All known interested parties were notified that the petition
had been filed and were requested to submit all written statements
by February 19, 1965. The case was set for oral hearing on
February 25, in Conference Room 102, Main Labor Building, 14th
Street and Constitution Avenue, Washington, D.C. The following
organizations, although notified that the petition had been filed
did not submit statements:
Corps of Engineers, U.S. Army
National Constructors Association
National Joint Heavy and Highway Construction Committee
Building and Construction Trades Department, AFL-CIO
International Union of Operating Engineers
International Hod Carriers, Building and Common Laborers Union
International Brotherhood of Teamsters, Chauffeurs,
Warehousemen and Helpers of America.
The Associated General Contractors of America filed a written
statement in advance of the hearing.
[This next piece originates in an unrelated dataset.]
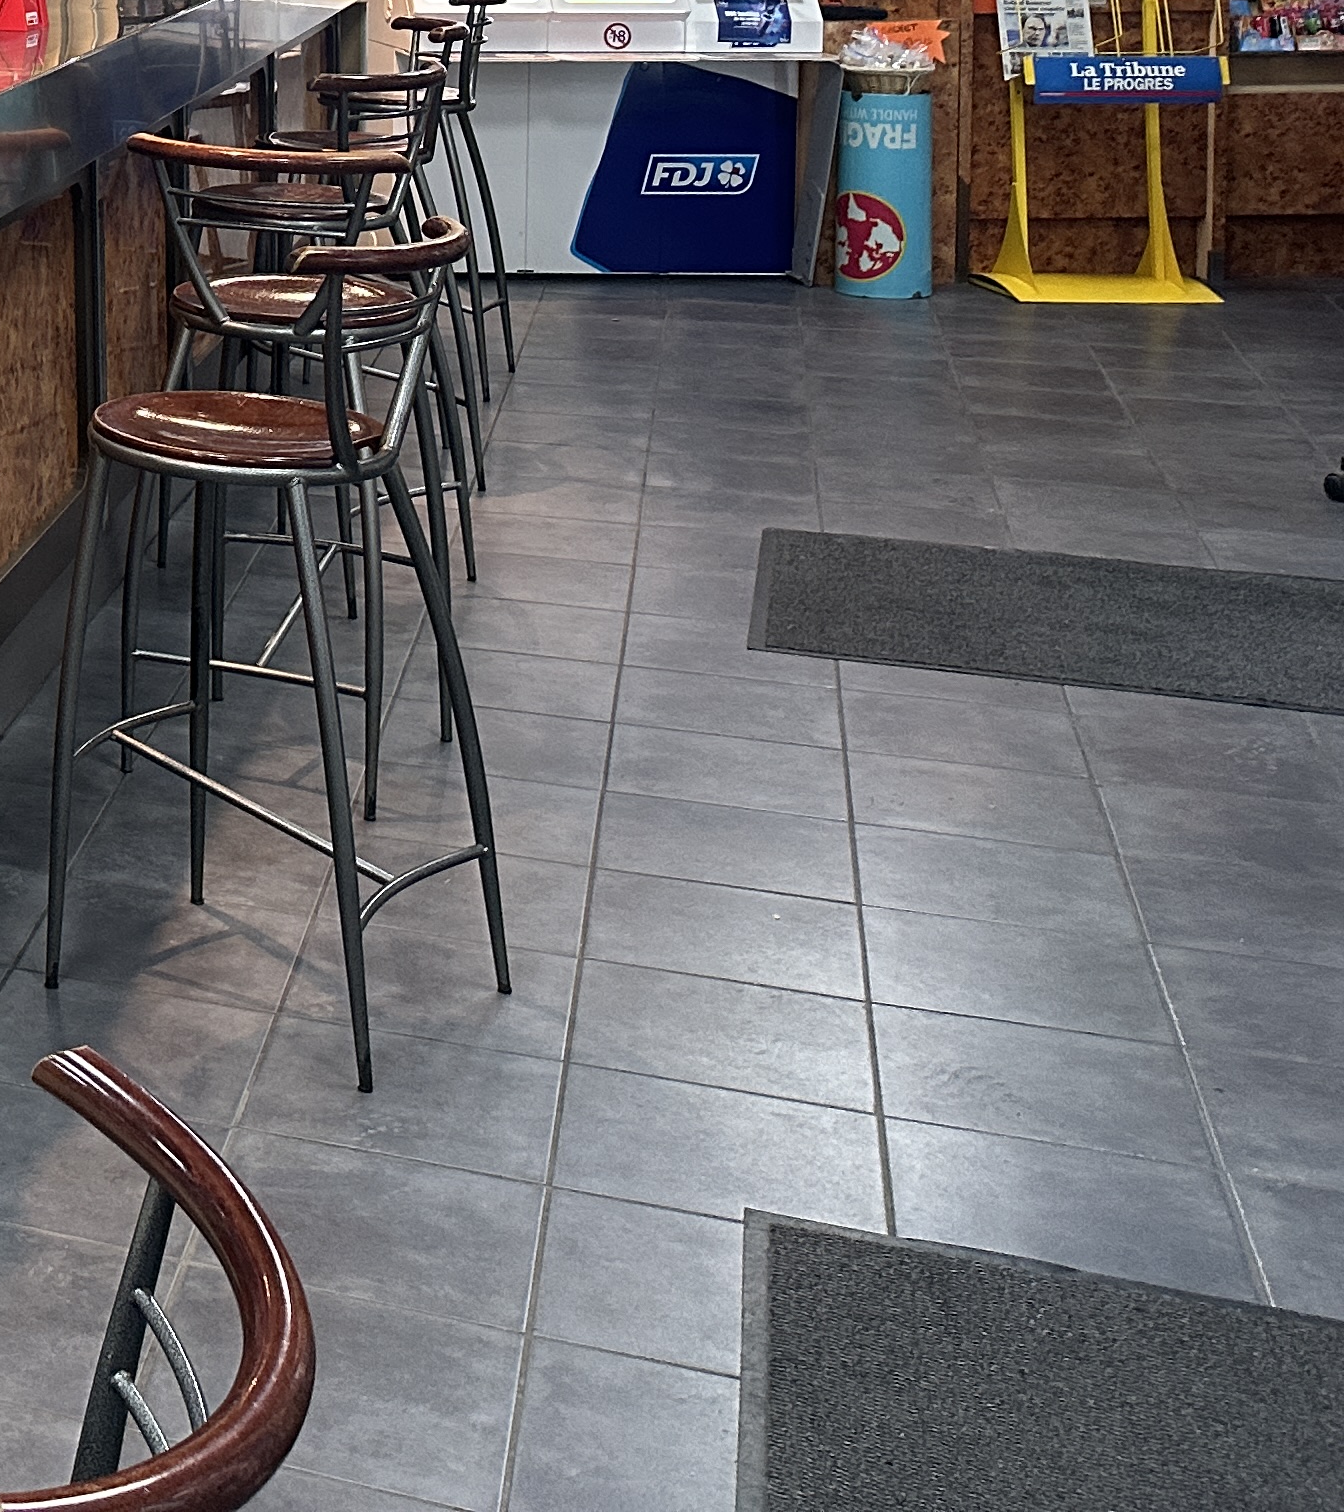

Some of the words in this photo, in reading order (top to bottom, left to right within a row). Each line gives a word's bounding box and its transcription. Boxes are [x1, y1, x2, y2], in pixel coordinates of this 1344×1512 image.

The International Brotherhood
of Electrical Workers, AFL-CIO, filed a supplementary Petition,
alleging that the rate predetermined for electricians in the
subject determination was lower than that prevailing in the area
for that classification. This petition was withdrawn at the
opening of the hearing with the consent of the Board.
Additionally, the Association of Crushed Stone Producers of
North Georgia was permitted to submit a statement in behalf of the
petition, on the date of the hearing, outside the February 19 filing
time, the Board reserving the prerogative of excluding evidentiary [2]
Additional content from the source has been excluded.